------ Task inputs

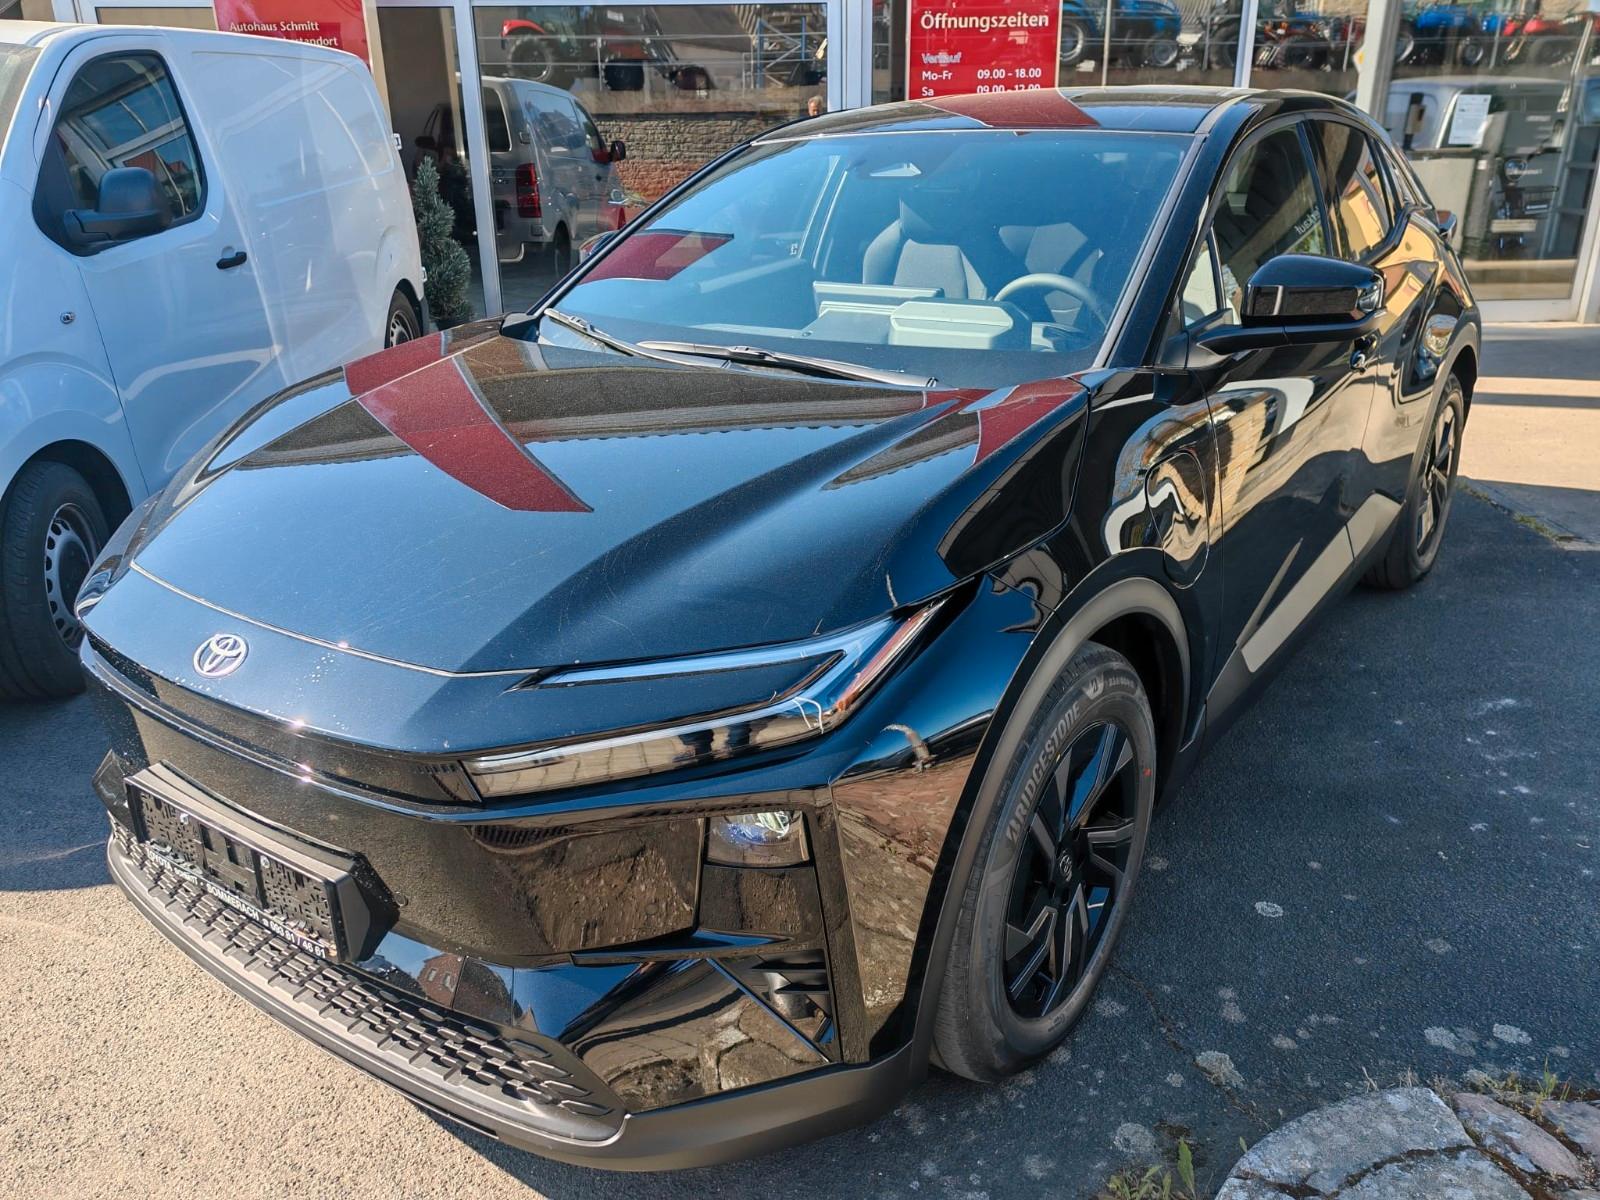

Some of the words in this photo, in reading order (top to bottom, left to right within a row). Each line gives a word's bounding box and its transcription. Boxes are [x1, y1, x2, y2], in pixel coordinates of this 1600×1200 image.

[229, 22, 278, 33] Autohaus
[279, 21, 320, 32] Schmitt
[920, 11, 1049, 32] Öffnungszeiten
[922, 70, 953, 80] Mo-Fr
[977, 69, 1006, 79] 09.00
[1015, 68, 1042, 78] 18.00
[921, 86, 934, 96] Sa
[1006, 701, 1081, 843] BRIDGESTONE
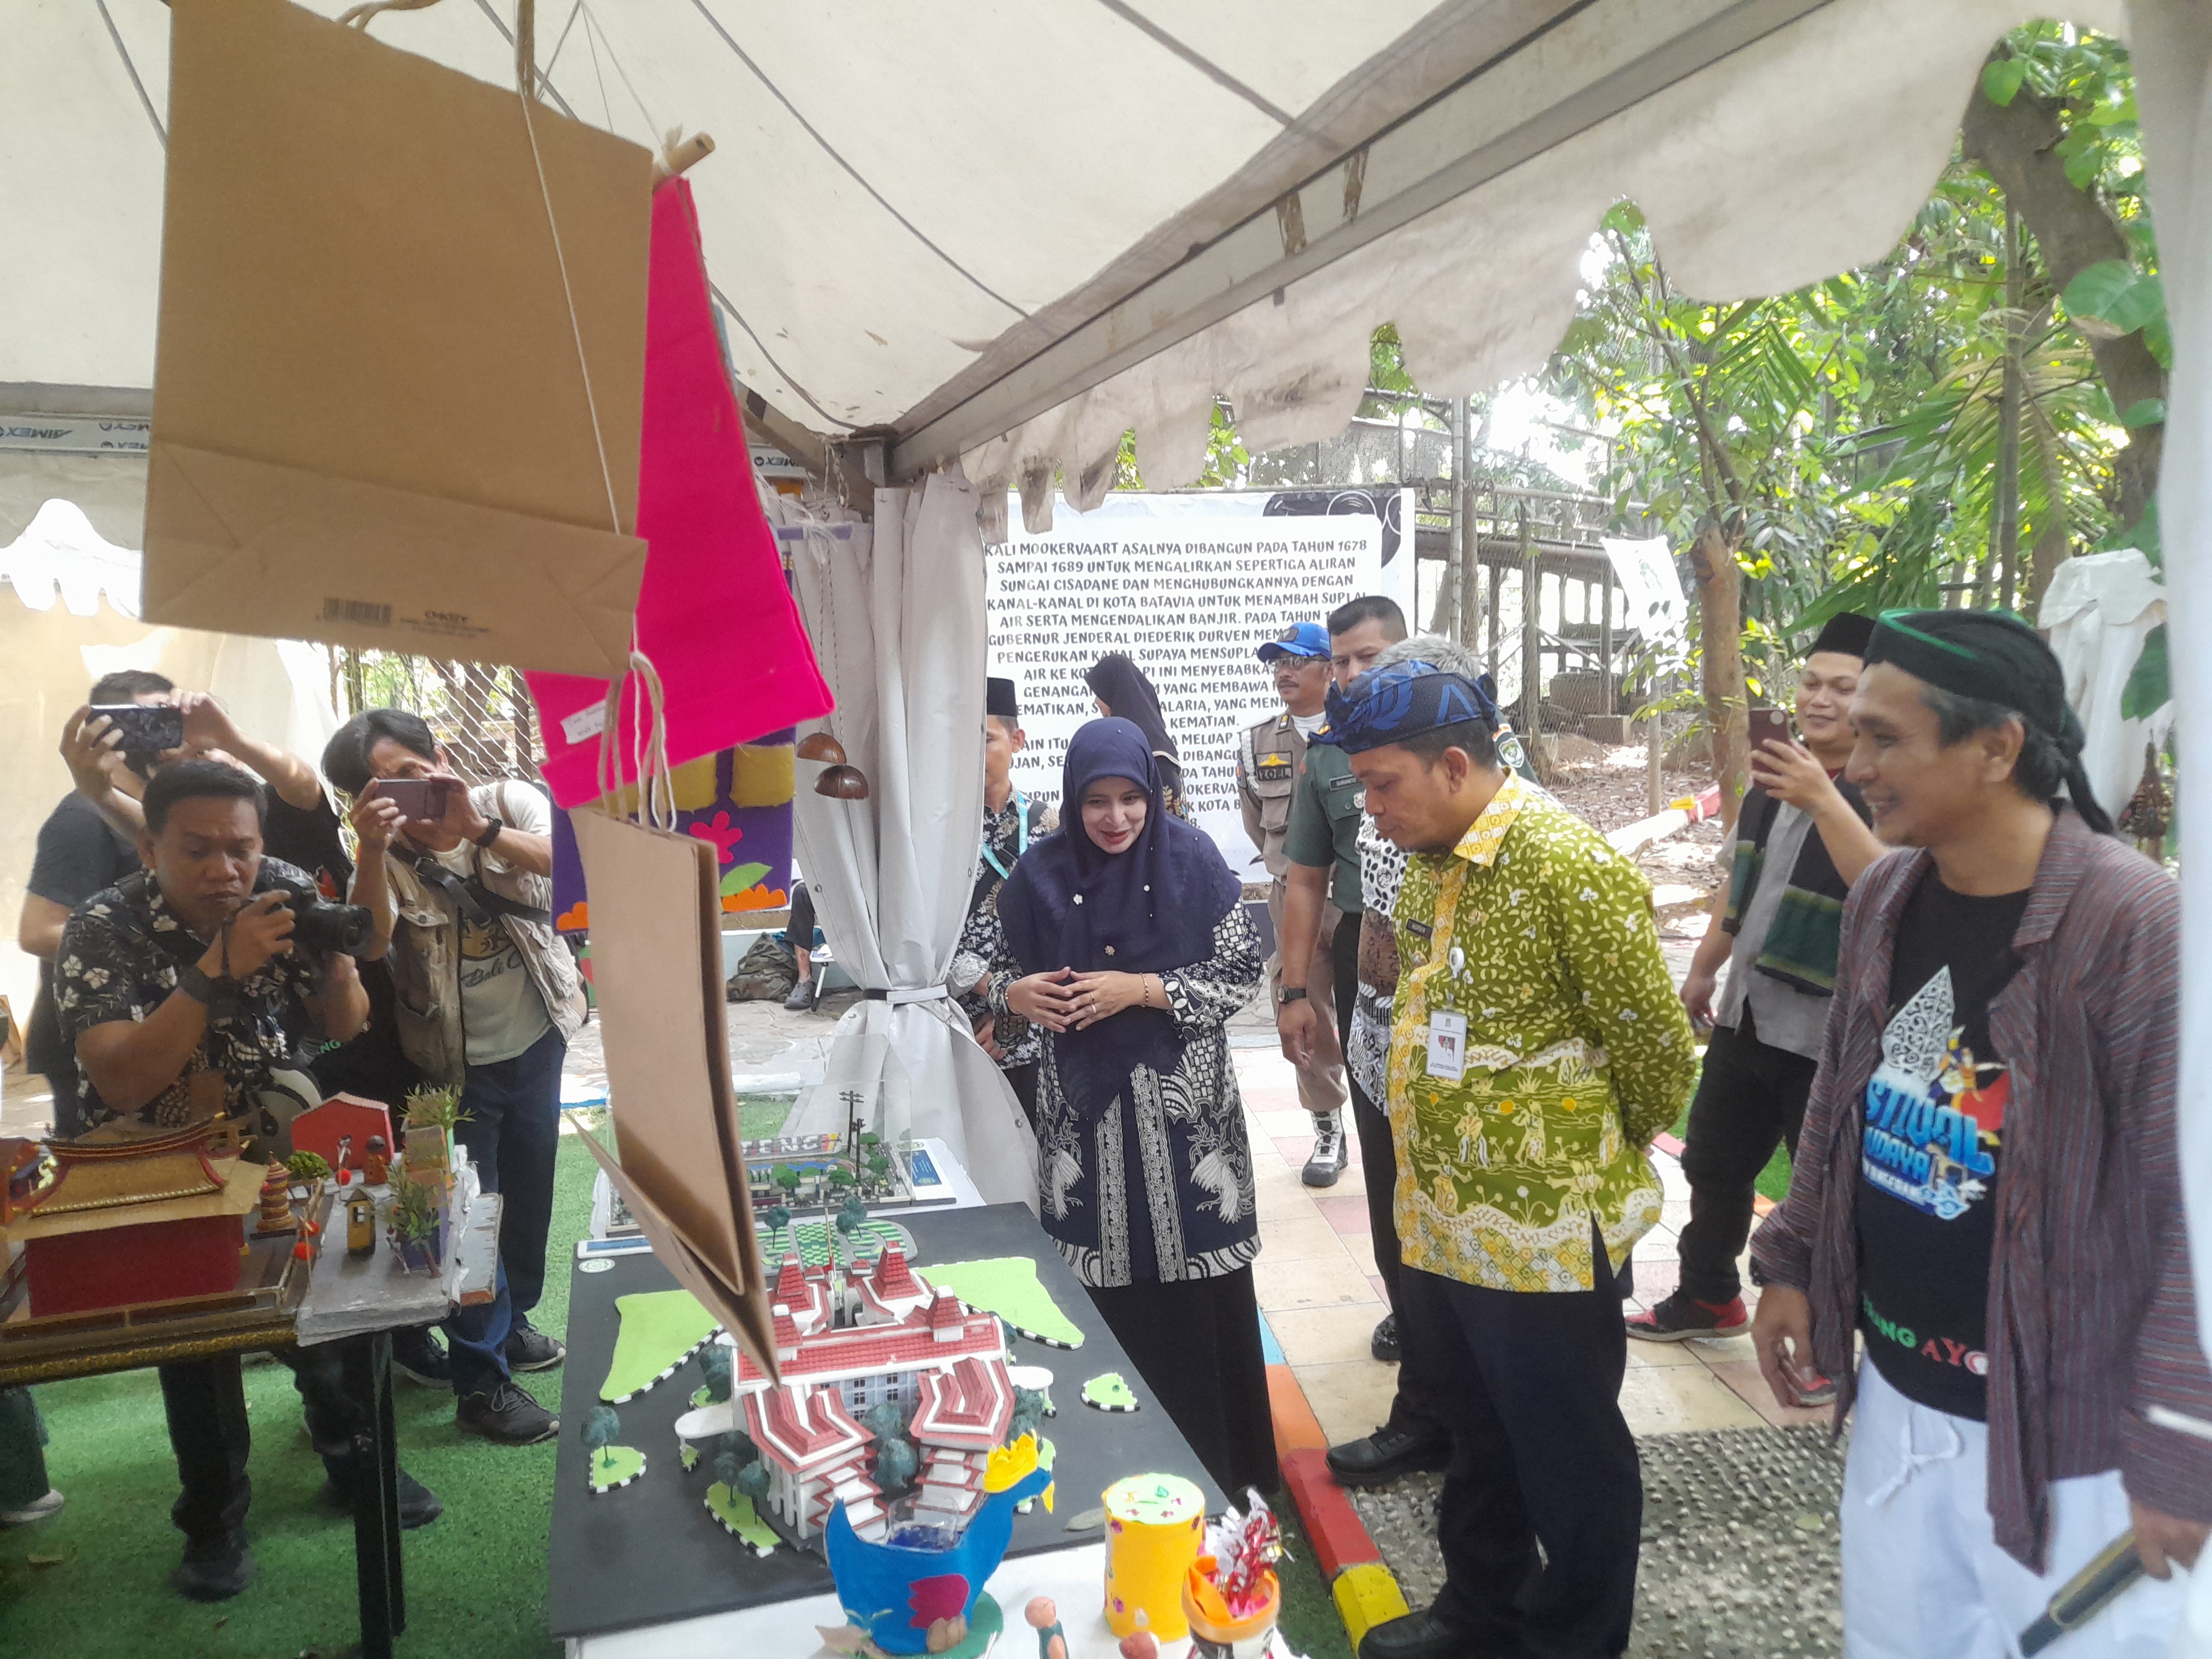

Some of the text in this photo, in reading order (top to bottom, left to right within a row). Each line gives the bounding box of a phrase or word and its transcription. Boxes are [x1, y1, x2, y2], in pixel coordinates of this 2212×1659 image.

[984, 540, 1367, 557] KALI MOOKERVAART ASALNYA DIBANGUN PADA TAHUN 1678
[997, 557, 1355, 575] SAMPAI 1689 UNTUK MENGALIRKAN SEPERTIGA ALIRAN
[1000, 575, 1353, 592] SUNGAI CISADANE DAN MENGHUBUNGKANNYA DENGAN
[987, 597, 1084, 611] KANAL-KANAL
[1086, 597, 1099, 608] DI
[1103, 596, 1136, 609] KOTA
[1140, 596, 1195, 608] BATAVIA
[1198, 594, 1241, 607] UNTUK
[1245, 593, 1318, 606] MENAMBAH
[1000, 616, 1022, 628] AIR
[1026, 614, 1068, 627] SERTA
[1071, 613, 1185, 626] MENGENDALIKAN
[1190, 612, 1241, 625] BANJIR.
[1245, 612, 1277, 624] PADA
[1280, 610, 1321, 624] TAHUN
[987, 632, 1060, 646] GUBERNUR
[1063, 632, 1131, 644] JENDERAL
[1134, 630, 1195, 643] DIEDERIK
[1198, 629, 1250, 642] DURVEN
[997, 650, 1088, 664] PENGERUKAN
[1138, 649, 1187, 661] SUPAYA
[1190, 646, 1258, 659] MENSUPLA
[1024, 668, 1046, 681] AIR
[1050, 668, 1067, 680] KE
[1159, 665, 1177, 677] INI
[1181, 663, 1274, 677] MENYEBABKA
[1163, 682, 1197, 695] YANG
[1201, 681, 1269, 693] MEMBAWA
[1017, 702, 1088, 717] EMATIKAN,
[1160, 700, 1211, 713] ALARIA,
[1214, 698, 1247, 711] YANG
[1170, 715, 1239, 729] KEMATIAN.
[1181, 732, 1233, 745] MELUAP
[1183, 749, 1239, 761] DIBANGU
[1201, 765, 1237, 778] TAHU
[1198, 799, 1230, 812] KOTA

------------

Task goal:
Write out each entry exactly; any pictures stay out of the copy.

Solution below:
Some of the words in this photo, in reading order (top to bottom, left to right within a row). Each line gives a word's bounding box and its transcription. Boxes are [x1, y1, x2, y2], in pixel coordinates of this 1600×1200 image.

[229, 22, 278, 33] Autohaus
[279, 21, 320, 32] Schmitt
[920, 11, 1049, 32] Öffnungszeiten
[922, 70, 953, 80] Mo-Fr
[977, 69, 1006, 79] 09.00
[1015, 68, 1042, 78] 18.00
[921, 86, 934, 96] Sa
[1006, 701, 1081, 843] BRIDGESTONE

Some of the text in this photo, in reading order (top to bottom, left to right within a row). Each line gives the bounding box of a phrase or word and its transcription. Boxes are [x1, y1, x2, y2], in pixel coordinates of this 2212×1659 image.

[984, 540, 1367, 557] KALI MOOKERVAART ASALNYA DIBANGUN PADA TAHUN 1678
[997, 557, 1355, 575] SAMPAI 1689 UNTUK MENGALIRKAN SEPERTIGA ALIRAN
[1000, 575, 1353, 592] SUNGAI CISADANE DAN MENGHUBUNGKANNYA DENGAN
[987, 597, 1084, 611] KANAL-KANAL
[1086, 597, 1099, 608] DI
[1103, 596, 1136, 609] KOTA
[1140, 596, 1195, 608] BATAVIA
[1198, 594, 1241, 607] UNTUK
[1245, 593, 1318, 606] MENAMBAH
[1000, 616, 1022, 628] AIR
[1026, 614, 1068, 627] SERTA
[1071, 613, 1185, 626] MENGENDALIKAN
[1190, 612, 1241, 625] BANJIR.
[1245, 612, 1277, 624] PADA
[1280, 610, 1321, 624] TAHUN
[987, 632, 1060, 646] GUBERNUR
[1063, 632, 1131, 644] JENDERAL
[1134, 630, 1195, 643] DIEDERIK
[1198, 629, 1250, 642] DURVEN
[997, 650, 1088, 664] PENGERUKAN
[1138, 649, 1187, 661] SUPAYA
[1190, 646, 1258, 659] MENSUPLA
[1024, 668, 1046, 681] AIR
[1050, 668, 1067, 680] KE
[1159, 665, 1177, 677] INI
[1181, 663, 1274, 677] MENYEBABKA
[1163, 682, 1197, 695] YANG
[1201, 681, 1269, 693] MEMBAWA
[1017, 702, 1088, 717] EMATIKAN,
[1160, 700, 1211, 713] ALARIA,
[1214, 698, 1247, 711] YANG
[1170, 715, 1239, 729] KEMATIAN.
[1181, 732, 1233, 745] MELUAP
[1183, 749, 1239, 761] DIBANGU
[1201, 765, 1237, 778] TAHU
[1198, 799, 1230, 812] KOTA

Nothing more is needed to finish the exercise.